I) The remuneration paid to any director is not in excess of the limit laid down under section 197 of the Act. The Ministry of Corporate Affairs had not prescribed any other details under section 197(16) which are required to be commented upon by us.

For VIVEKANANDAN ASSOCIATES
Chartered Accountants
Firm Regn. No. 005268 S
(Sd/-)
N. SUBRAMANIAN
Place : Chennai Partner
Date : 29.06.2020 Membership No. 21628

ANNEXURE - A

Re: IYKOT HITECH TOOLROOM LIMITED

The Annexure referred to our Independent Auditors Report to the members of the company on the standalone financial statements for the year ended March 31, 2020, we report that:

1. (a) The company is maintaining proper records showing full particulars, including quantitative details and situation of fixed assets; The Fixed assets register needs to be updated.

(b) According to the information and explanations given to us, fixed assets have been physically verified by the management at reasonable intervals.
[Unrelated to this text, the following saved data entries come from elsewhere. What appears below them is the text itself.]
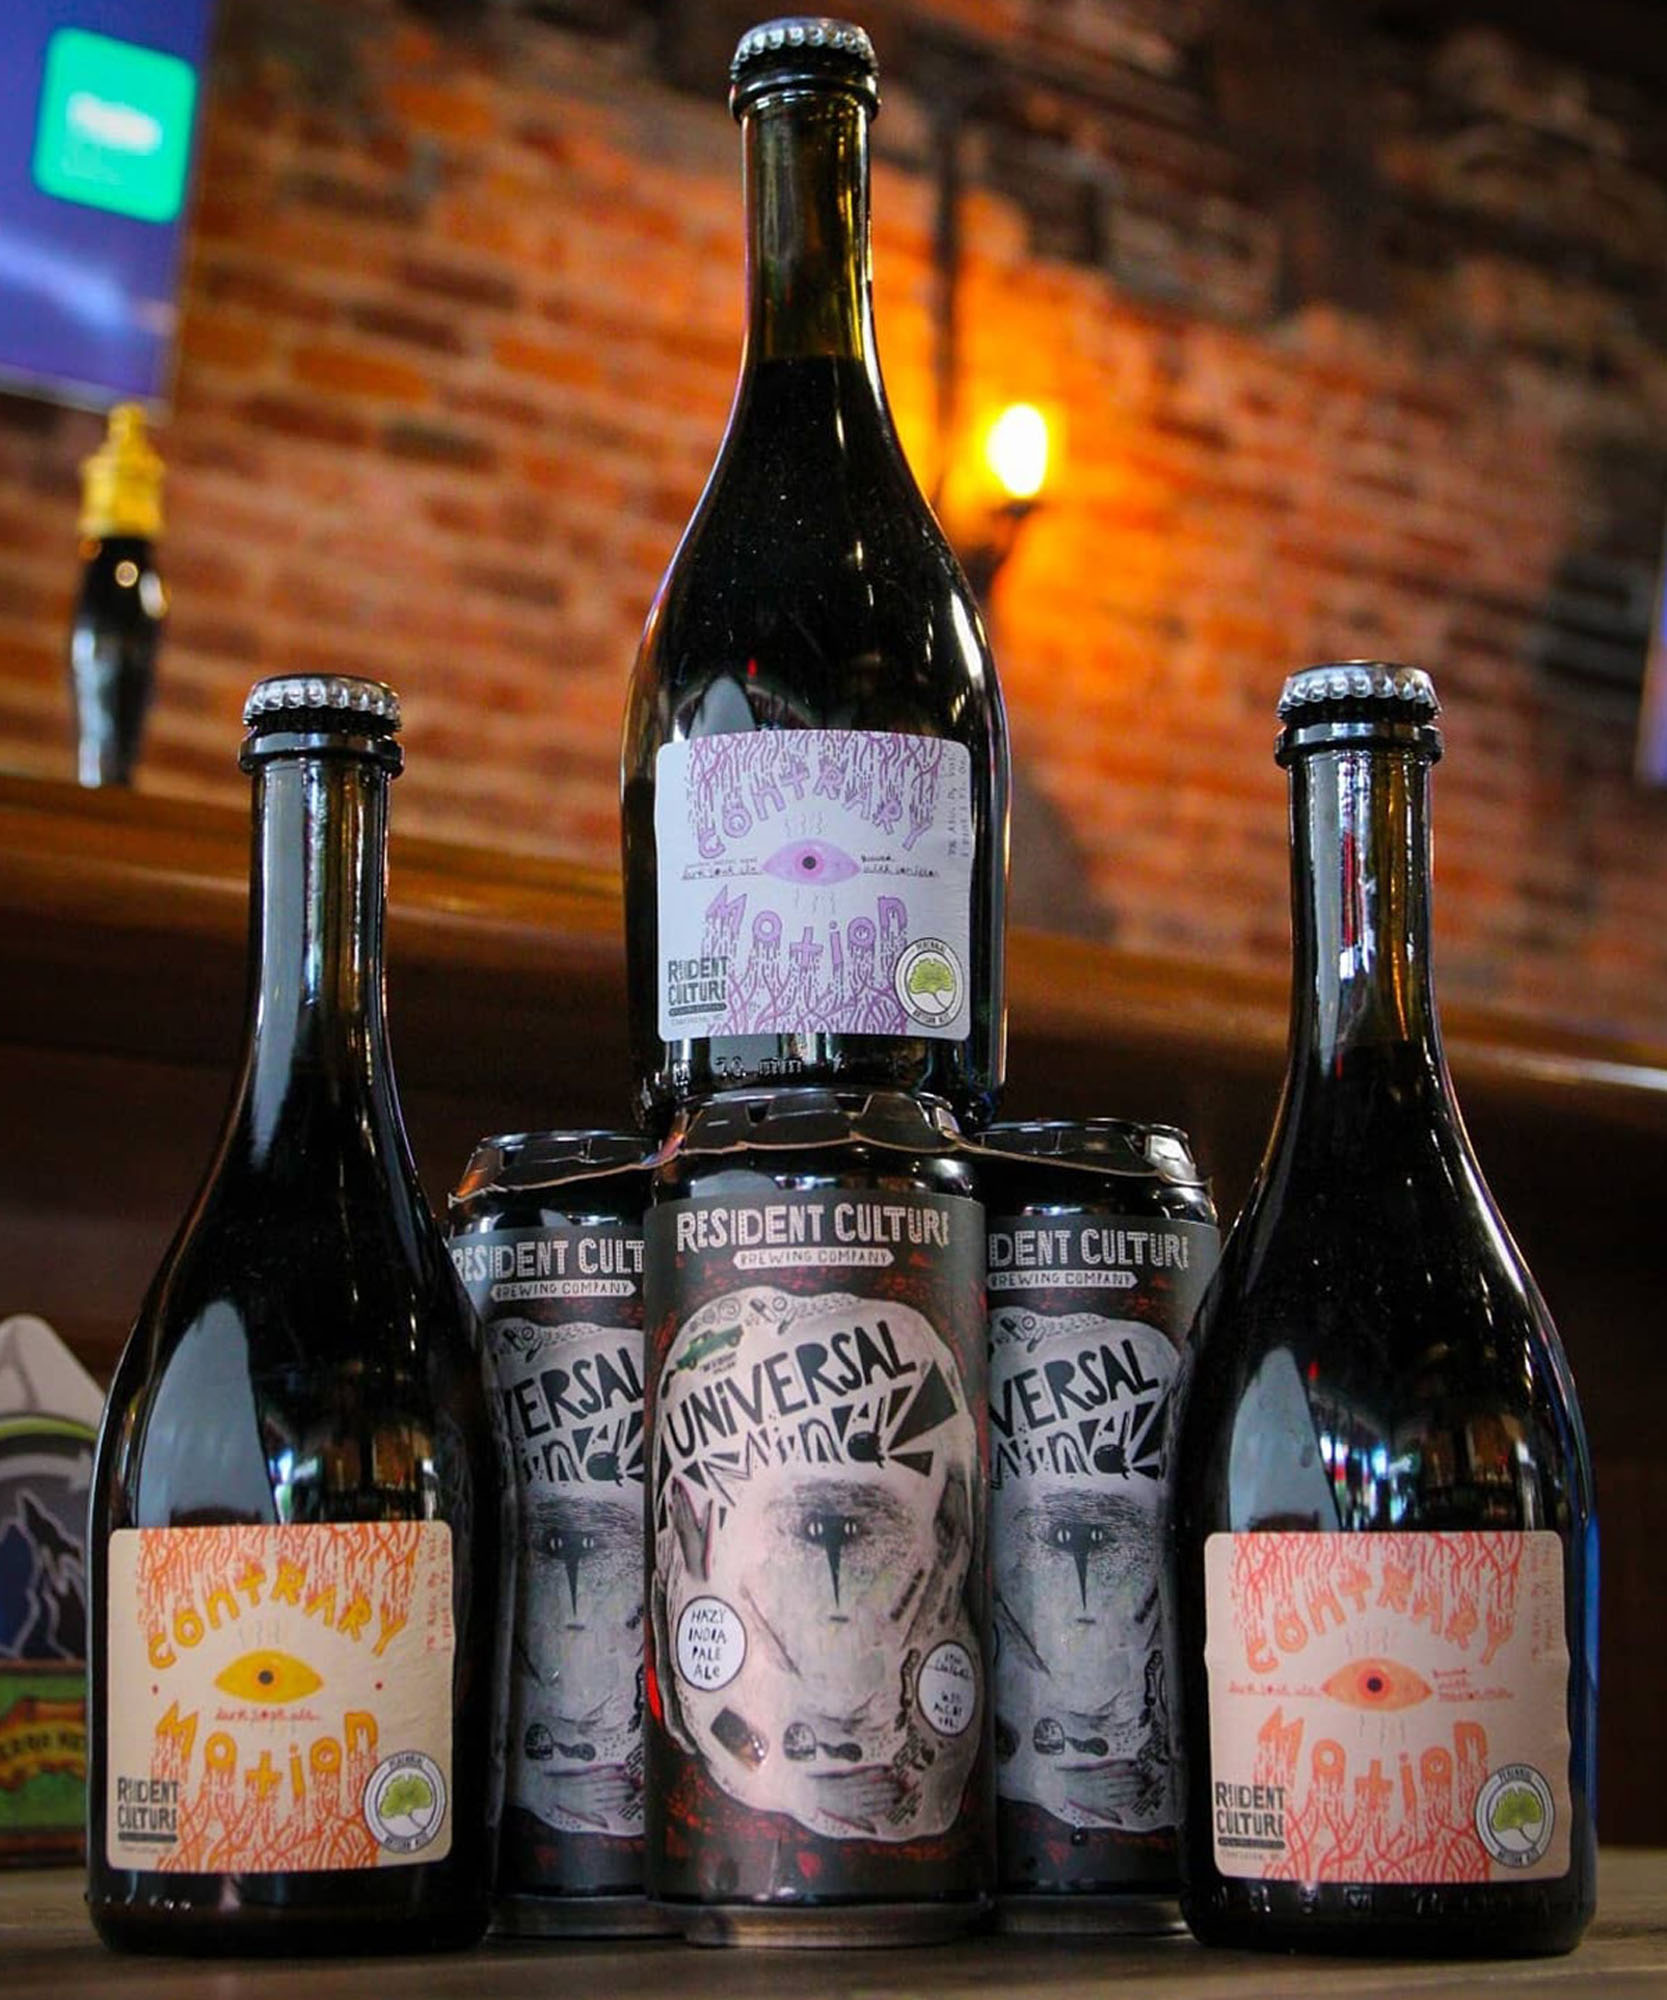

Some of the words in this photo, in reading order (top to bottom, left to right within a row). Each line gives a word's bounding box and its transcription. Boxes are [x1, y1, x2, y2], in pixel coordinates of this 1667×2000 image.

[677, 1204, 824, 1252] RESIDENT
[739, 1250, 813, 1267] BREWING
[817, 1250, 889, 1265] COMPANY
[990, 1271, 1060, 1288] BREWING
[1065, 1271, 1131, 1286] COMPANY
[496, 1282, 556, 1298] BREWING
[562, 1279, 630, 1295] COMPANY
[690, 1608, 727, 1624] HAZY
[688, 1627, 727, 1645] INDIA
[692, 1645, 721, 1661] PALE
According to the information and explanations given to us, no material discrepancies were noticed on such verification and the same have been properly dealt with in the books of account;

(c) The Company do not hold any immovable properties in its own name.
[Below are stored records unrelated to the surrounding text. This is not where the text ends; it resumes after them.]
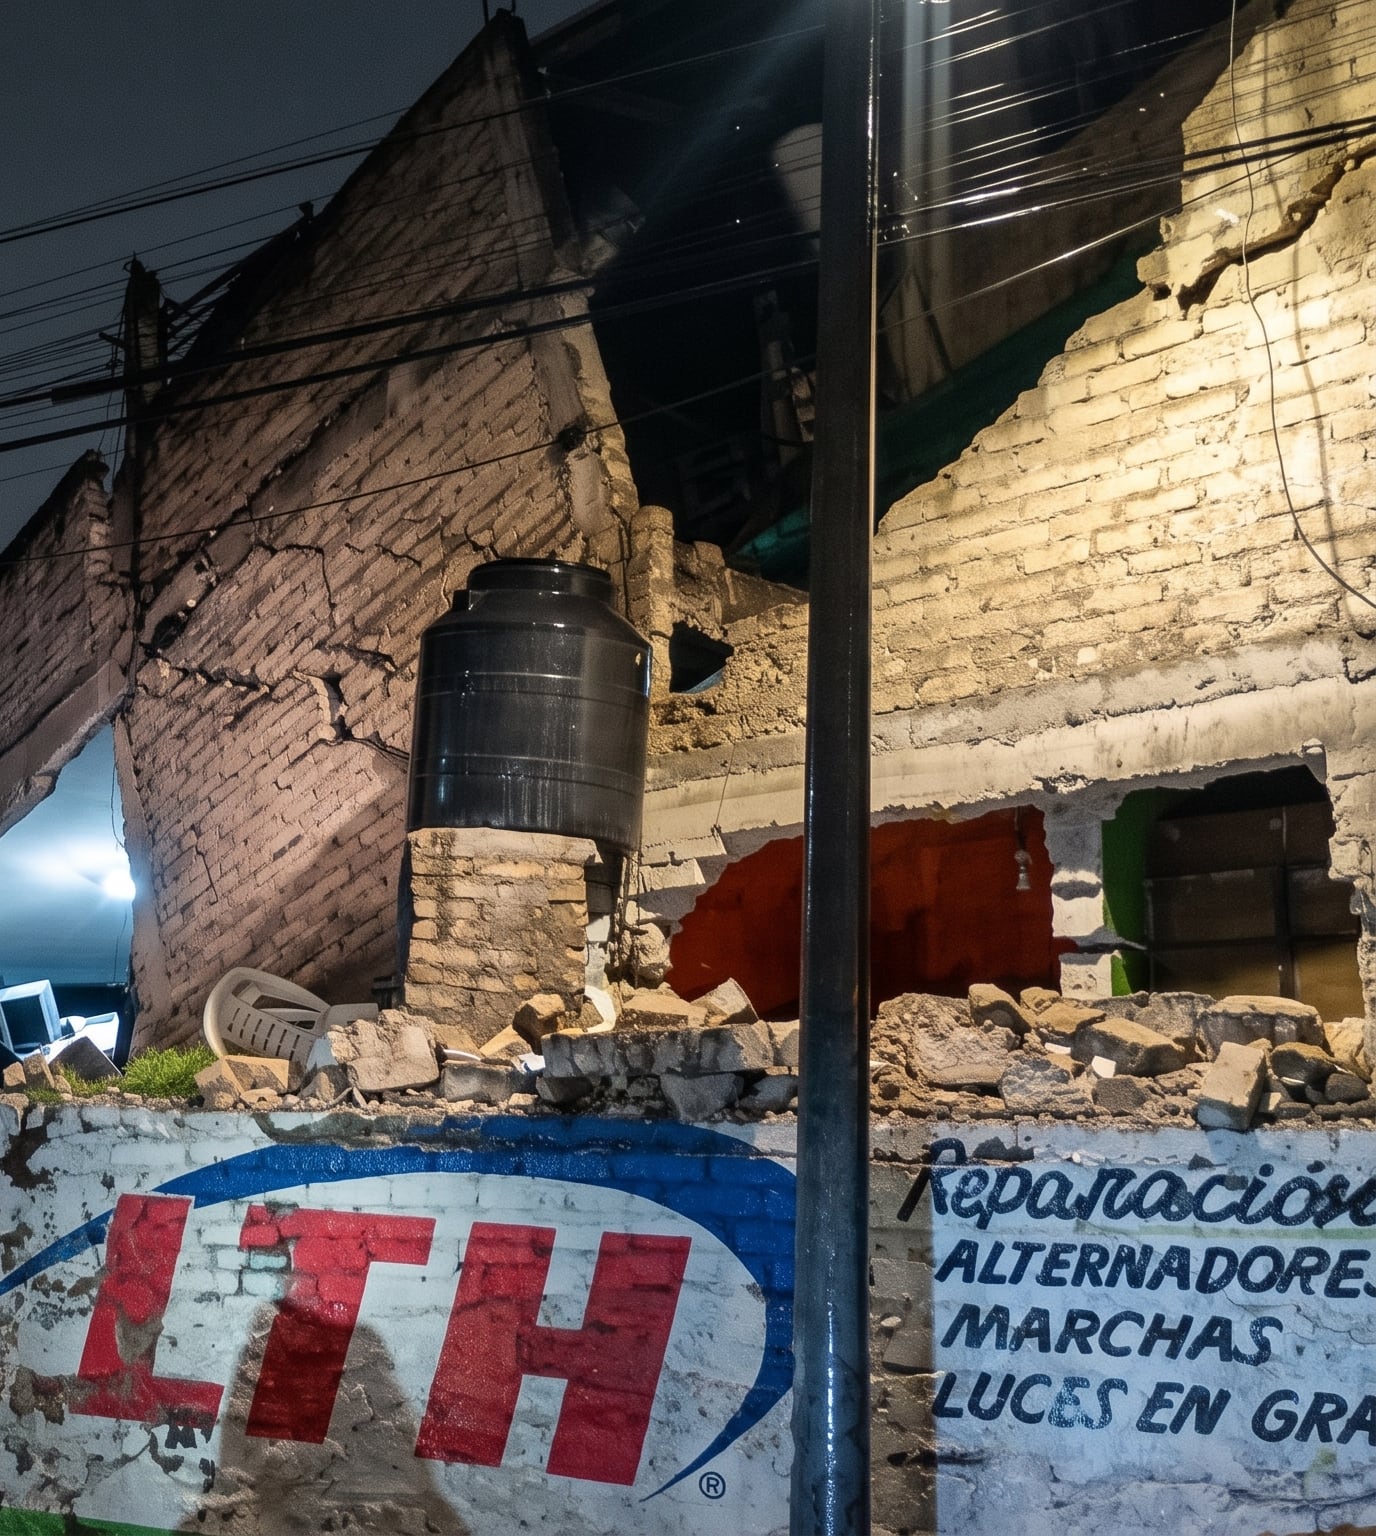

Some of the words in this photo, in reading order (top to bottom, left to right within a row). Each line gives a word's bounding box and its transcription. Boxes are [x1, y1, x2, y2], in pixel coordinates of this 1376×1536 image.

[68, 1192, 693, 1486] LTH
[940, 1303, 1284, 1367] MARCHAS
[931, 1372, 1129, 1430] LUCES
[1136, 1382, 1232, 1435] EN
[1251, 1389, 1376, 1447] GRA
2. (a) According to the information given to us and explanations provided, the Physical verification of inventory has been conducted during the year at reasonable intervals by the management.

(b) The procedures followed by the management for physical verification of inventory are reasonable and adequate in relation to the size of the company and the nature of its business.
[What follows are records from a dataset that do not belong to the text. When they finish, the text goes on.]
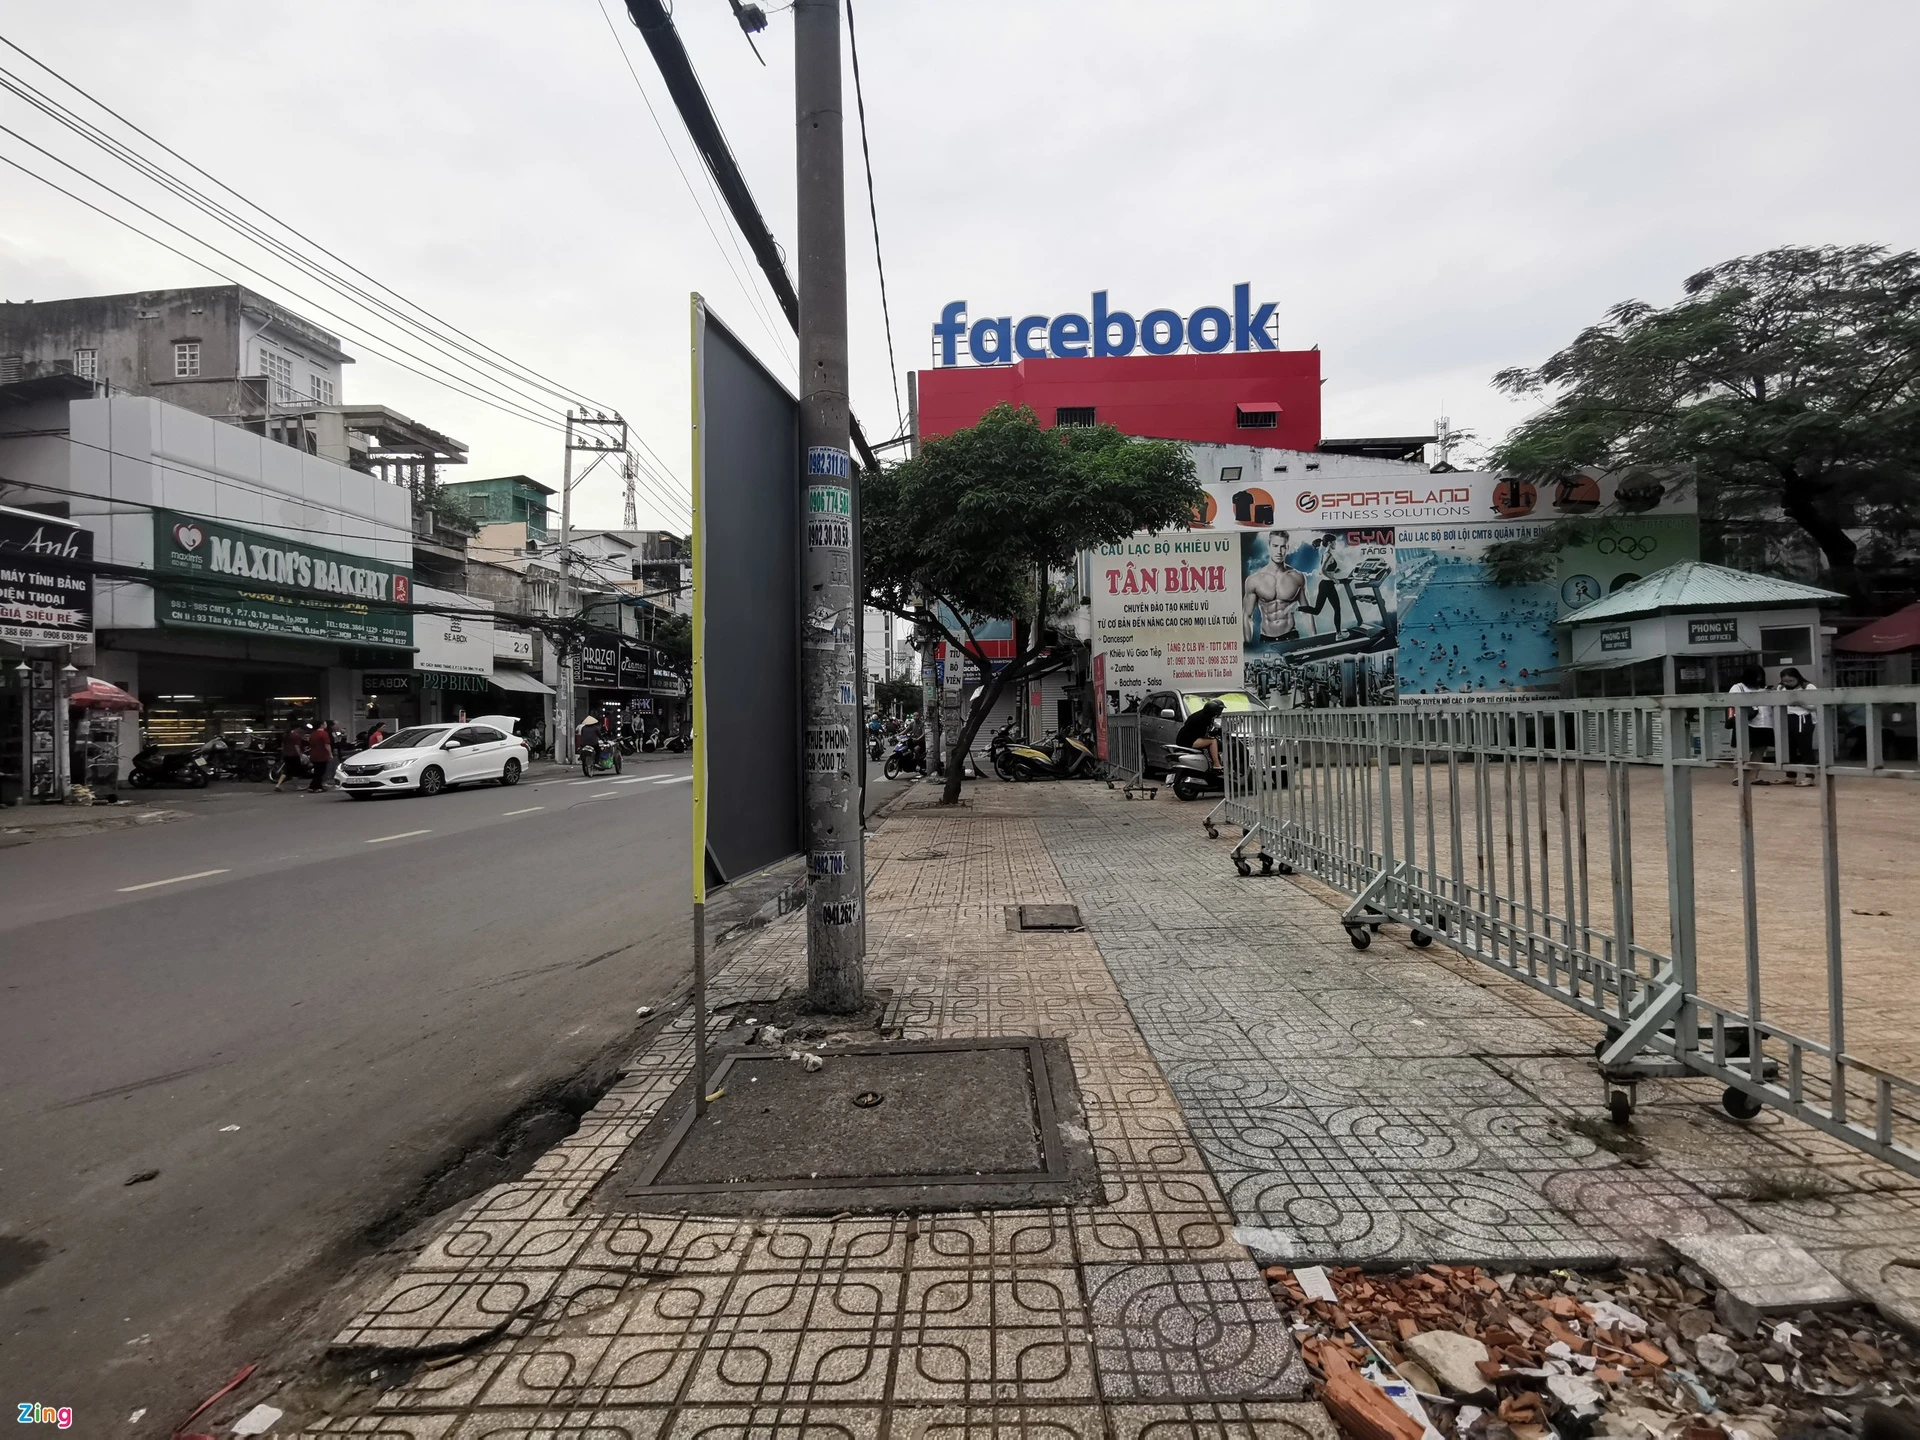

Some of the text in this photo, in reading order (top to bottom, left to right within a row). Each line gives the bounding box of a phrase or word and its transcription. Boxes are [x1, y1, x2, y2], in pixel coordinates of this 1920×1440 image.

[932, 281, 1281, 367] facebook
[1321, 487, 1470, 508] SPORTSLAND
[1321, 505, 1471, 520] FITNESS SOLUTIONS
[1346, 530, 1394, 546] GYM
[1398, 529, 1413, 543] CÂU
[1415, 531, 1429, 544] LẠC
[1431, 528, 1441, 543] BỘ
[1458, 527, 1470, 541] LỘI
[1472, 528, 1493, 540] CMT8
[1494, 526, 1515, 542] QUẬN
[1516, 525, 1532, 539] TÂN
[21, 526, 80, 559] Anh
[1128, 543, 1150, 557] LẠC
[1154, 540, 1170, 556] BỘ
[1175, 538, 1211, 554] KHIÊU
[1214, 537, 1230, 552] VŨ
[210, 536, 312, 588] MAXIM'S
[313, 559, 389, 601] BAKERY
[1, 568, 86, 592] MÁY TÍNH BẢNG
[1105, 559, 1227, 595] TÂN BÌNH
[28, 591, 65, 606] THOẠI
[1123, 599, 1209, 613] CHUYÊN ĐÀO TẠO KHIÊU VŨ
[0, 606, 73, 623] GIÁ SIÊU RẺ
[1107, 617, 1117, 628] CƠ
[1117, 616, 1131, 628] BẢN
[1132, 616, 1146, 628] ĐẾN
[1147, 616, 1164, 627] NÂNG
[1165, 617, 1178, 627] CAO
[1179, 617, 1193, 626] CHO
[1194, 616, 1207, 628] MỌI
[1222, 612, 1237, 625] TUỔI
[1691, 620, 1735, 633] PHÒNG VÉ
[443, 632, 468, 644] SEABOX
[1102, 634, 1134, 645] Dancesport
[1109, 648, 1126, 658] Khiêu
[1136, 648, 1148, 657] Giao
[1182, 643, 1186, 652] 2
[1114, 664, 1134, 673] Zumba
[364, 678, 408, 688] SEABOX
[1119, 678, 1142, 687] Bachata
[1147, 677, 1162, 686] Salsa
(c) The company is maintaining proper records of inventory and there is no material discrepancy noticed on physical verification and the same have been properly dealt within the books of account;

3. According to the information given to us and explanations provided, the company had not granted any fresh unsecured loans to companies, firms or other parties covered in the register maintained under section 189 of the Companies Act. 2013 during the year.

4. According to the information given to us and explanations provided, the company has not accepted deposit during the year within the meaning of section 2(31) of the Act.

5. According to the information given to us and explanations provided, the Central Government has not prescribed the maintenance of cost records under sub-section (1) of section 148 of the Companies Act for the services rendered by the company.

6. (a) According to the information given to us and explanations provided, the company is regular in depositing undisputed statutory dues including income tax deducted at source, sales-tax, duty of customs, duty of excise, cess and other statutory dues with the appropriate authorities.

(b) According to the information and explanation given to us, the Company is not liable to pay any amount which is in dispute on account statutory dues including income tax deducted at source, sales-tax, duty of customs, duty of excise, cess and other statutory dues with the appropriate authorities of which is outstanding for a period of more than six months as on March 31,2020.

(c) According to the information given to us and explanations provided, there are no amounts required to be transferred to investor education and protection fund during the year in accordance with the relevant provisions of the Companies Act, 1956 (1 of 1956) and rules thereunder.

7. In our opinion and according to the information given to us and explanations provided, the company has not defaulted in repayment of dues to a financial institution or bank or debenture holders.

8. In our opinion and according to the information given to us and explanations provided, the company has not given any guarantee for loans taken by others from bank or financial institutions.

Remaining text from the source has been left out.